CHARLOTTE -- The staff at MedAssist, a community pharmacy that serves uninsured North Carolinians, expects to see their client load stay the same - and maybe increase - because of the health reform law.
"It's likely that our lowest income individuals that are in our program will remain in our program after January 2014," said Lori Giang, the center's executive director.
MedAssist provides prescriptions to 11,000 people across the state. Last year the organization handed out $19 million in medication to people without insurance.
Thursday's high court decision on health care could affect those numbers.
"The Supreme Court ruling really leaves more questions," said Giang.
At the heart of those questions is an expanded Medicaid program which would cover more people.
"What will the state of North Carolina do about the Medicaid expansion?

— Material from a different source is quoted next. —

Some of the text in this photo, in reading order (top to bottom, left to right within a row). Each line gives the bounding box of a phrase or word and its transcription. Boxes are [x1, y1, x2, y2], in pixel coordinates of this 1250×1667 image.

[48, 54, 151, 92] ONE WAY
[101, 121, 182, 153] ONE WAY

And how aggressively will the state set up exchanges," said UNC Charlotte professor Bill Brandon, who studies health care economics.
The supreme court did not mandate the expanded medicaid coverage leaving the decision up to state legislatures.

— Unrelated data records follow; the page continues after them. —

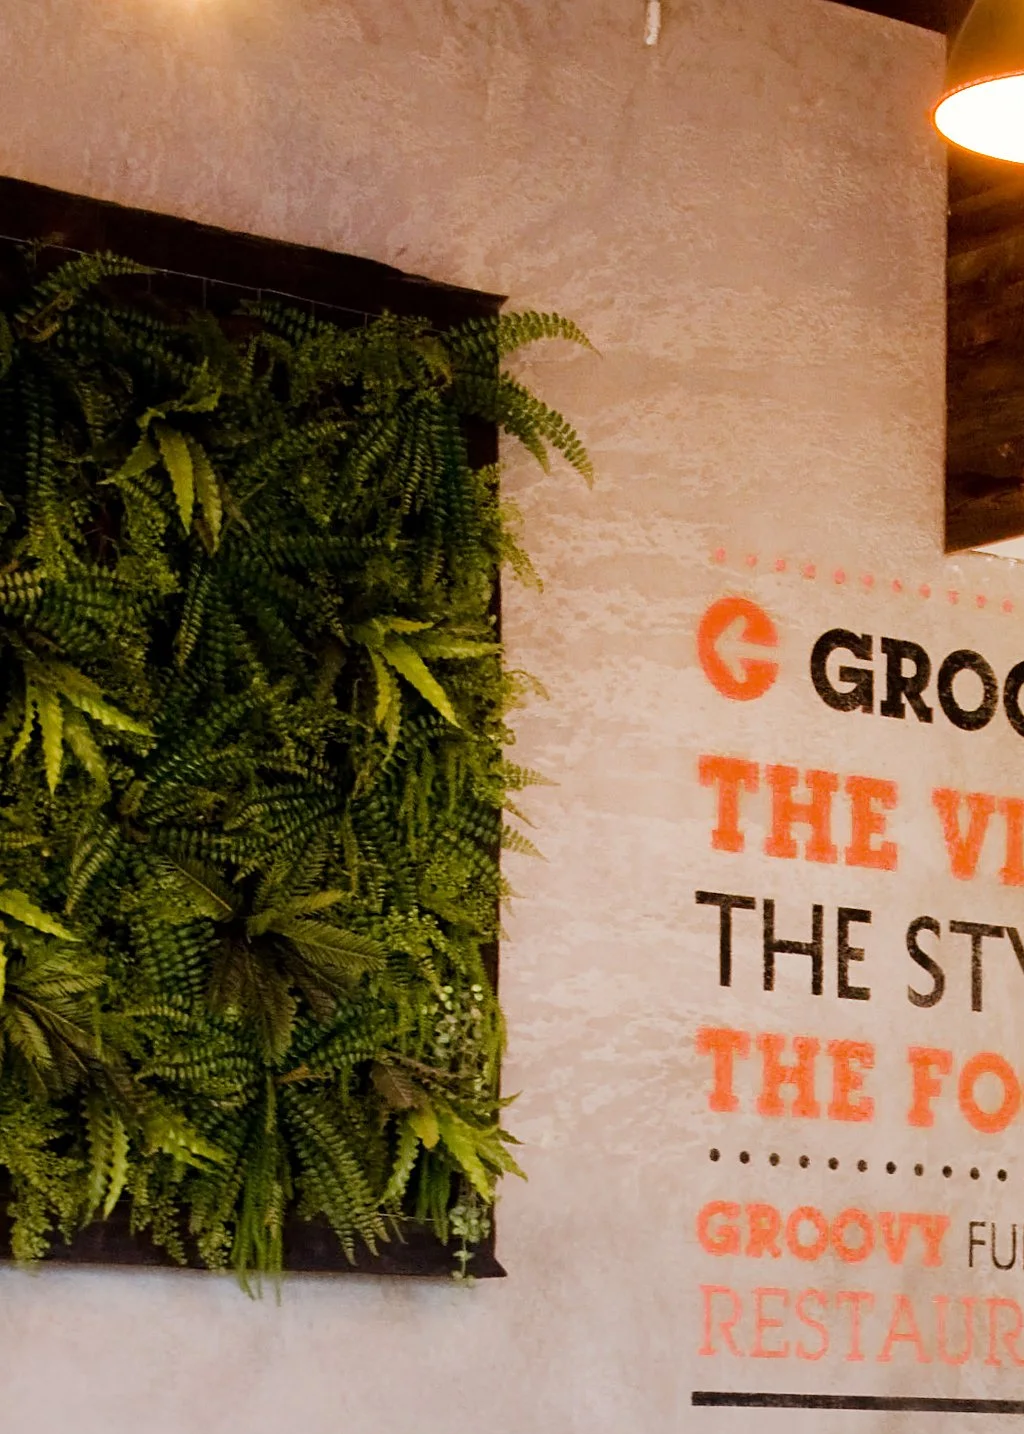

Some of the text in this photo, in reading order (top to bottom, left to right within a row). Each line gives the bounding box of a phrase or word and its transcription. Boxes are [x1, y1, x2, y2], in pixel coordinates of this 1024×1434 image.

[698, 755, 897, 870] THE
[695, 891, 872, 1000] THE
[697, 1028, 873, 1122] THE
[697, 1201, 949, 1266] GROOVY
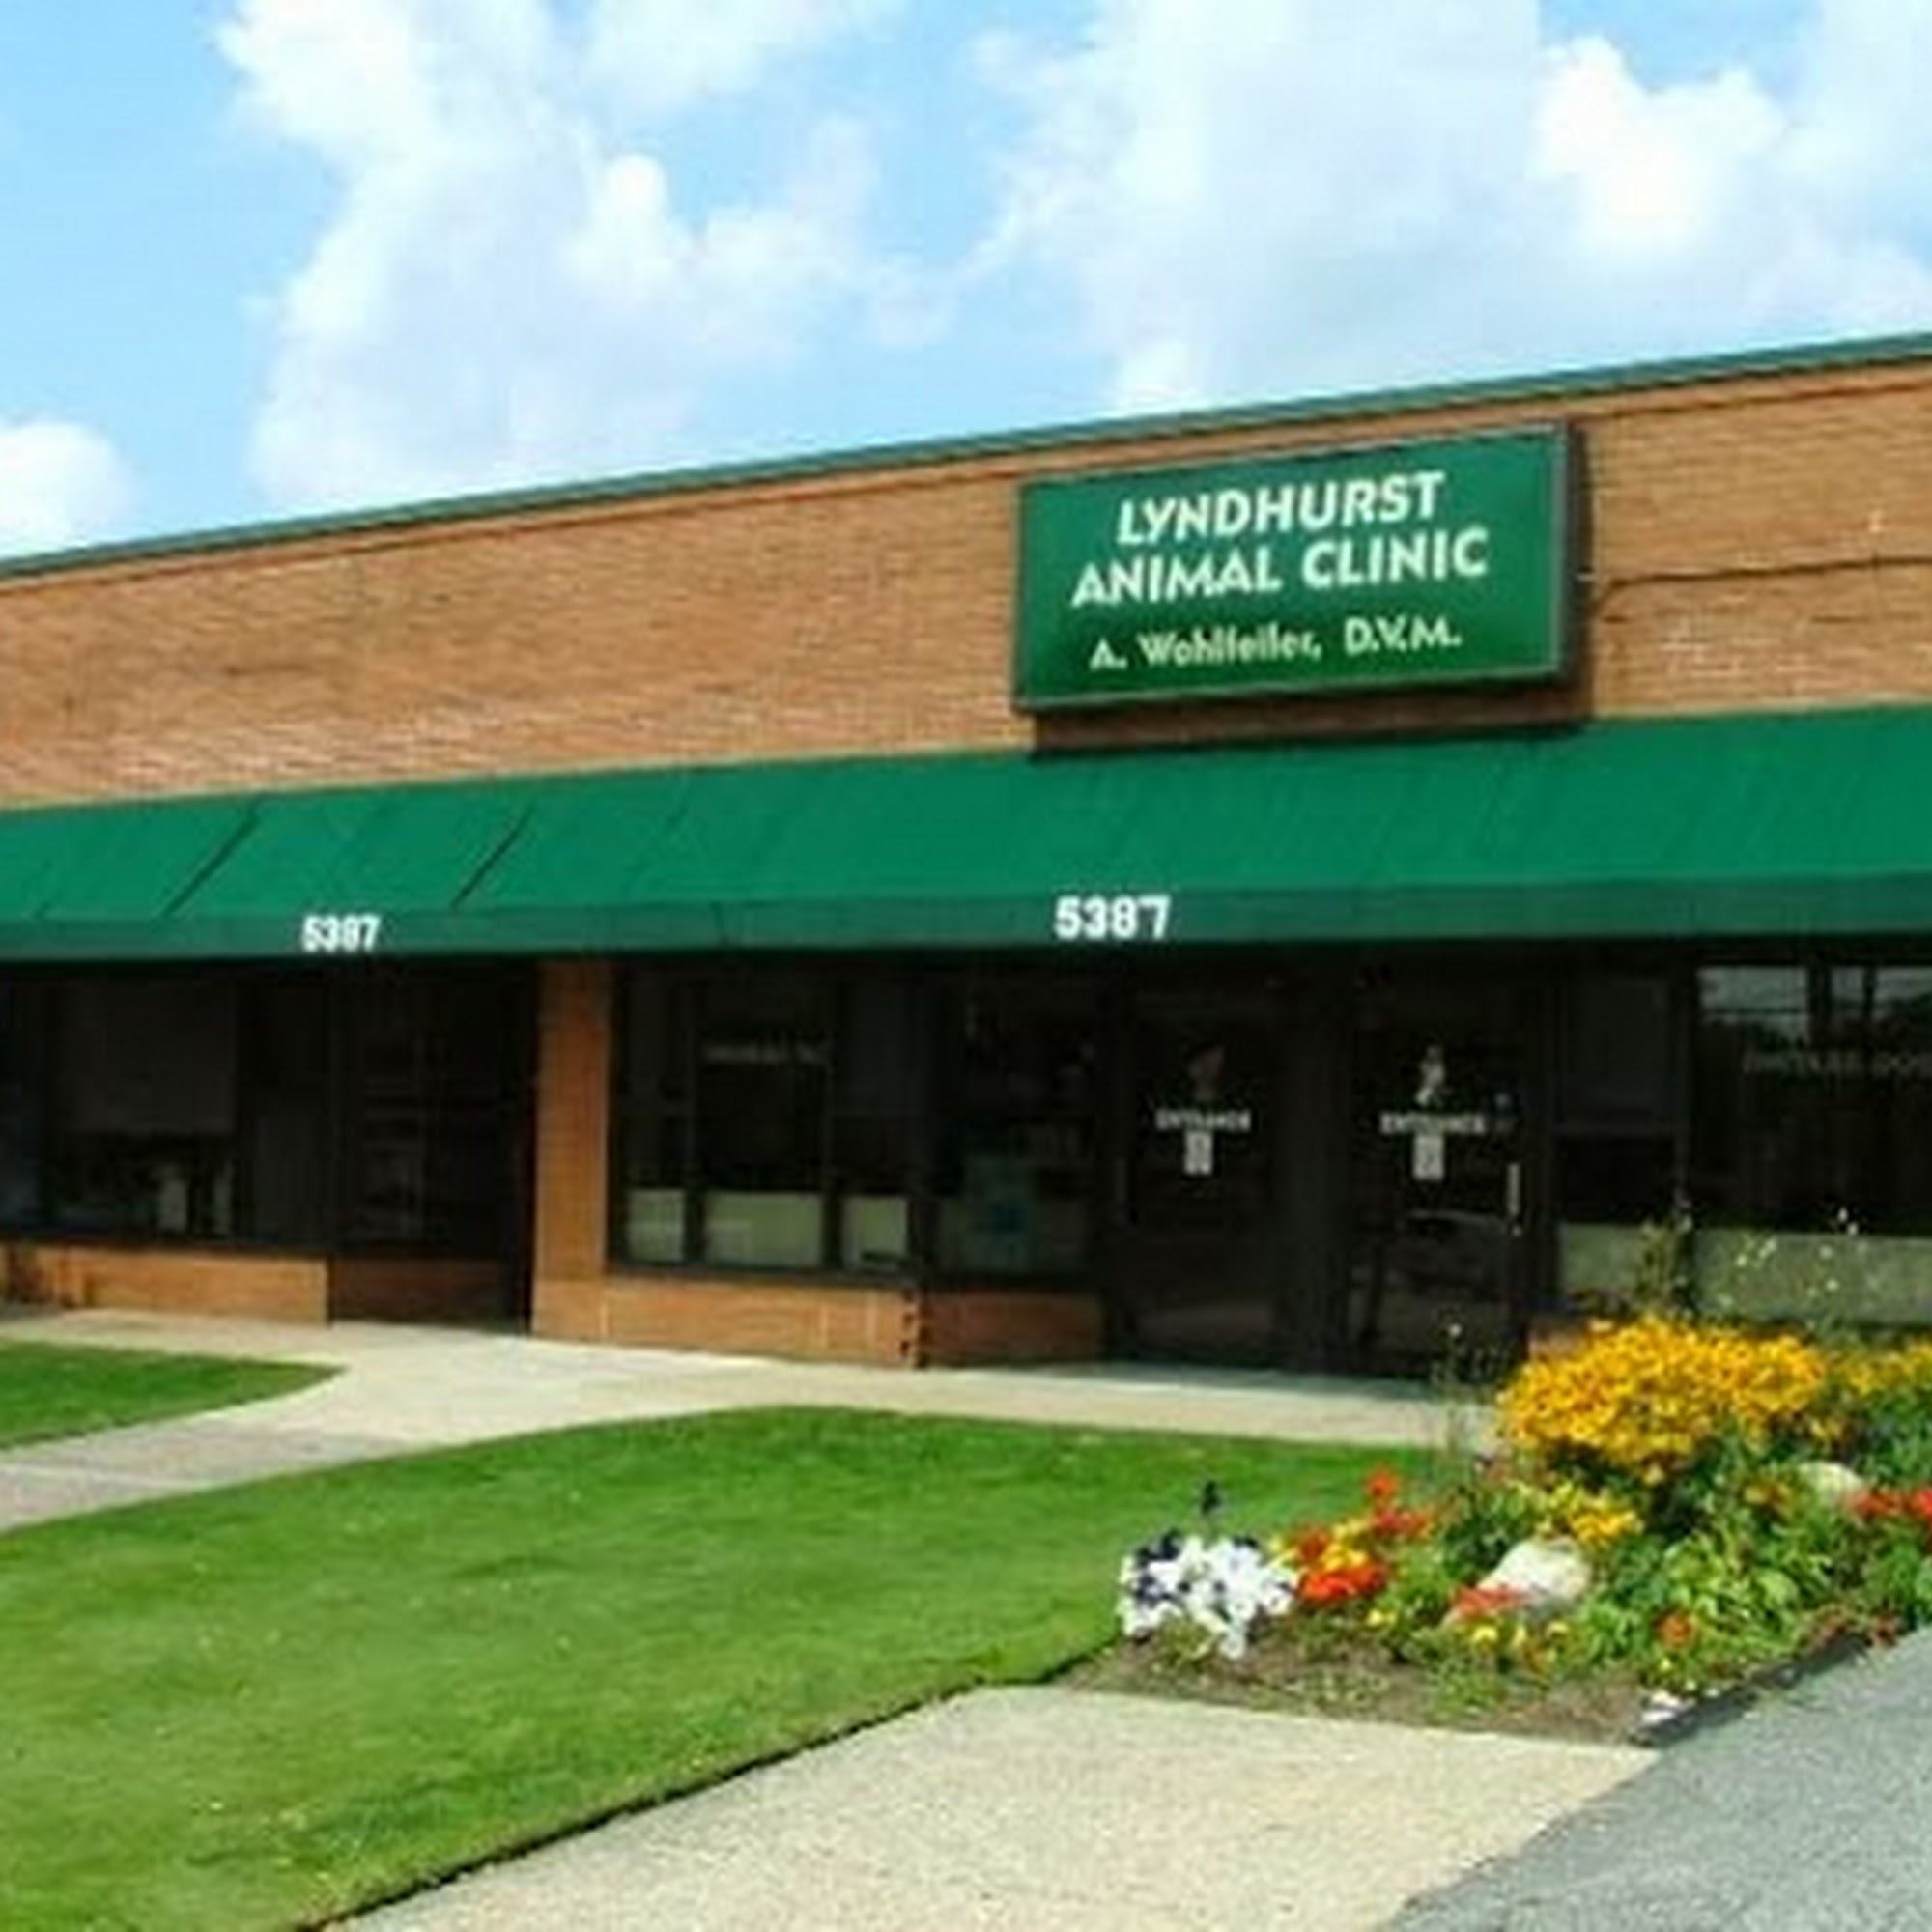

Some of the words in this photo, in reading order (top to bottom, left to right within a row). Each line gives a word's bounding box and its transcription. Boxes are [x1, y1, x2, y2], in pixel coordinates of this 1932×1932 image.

[1117, 471, 1445, 546] LYNDHURST
[1071, 547, 1283, 608] ANIMAL
[1300, 527, 1489, 589] CLINIC
[1089, 638, 1128, 670] A.
[1343, 613, 1463, 657] D.V.M.
[1054, 894, 1171, 940] 5387

"If we accept expanded Medicaid everybody in a family with an income of 138 percent of poverty will be able to go to a medical home," said Brandon.
If the state doesn't opt into the program, the team at MedAssist expects to be busy.
"We see that we will need to provide additional services to our clients that are currently in our program," Giang said.
Despite the uncertainty, she said MedAssist is committed to being a resource for people who can't afford their pills.
"We'll continue to work with our clinics to make sure that no one goes without their medication."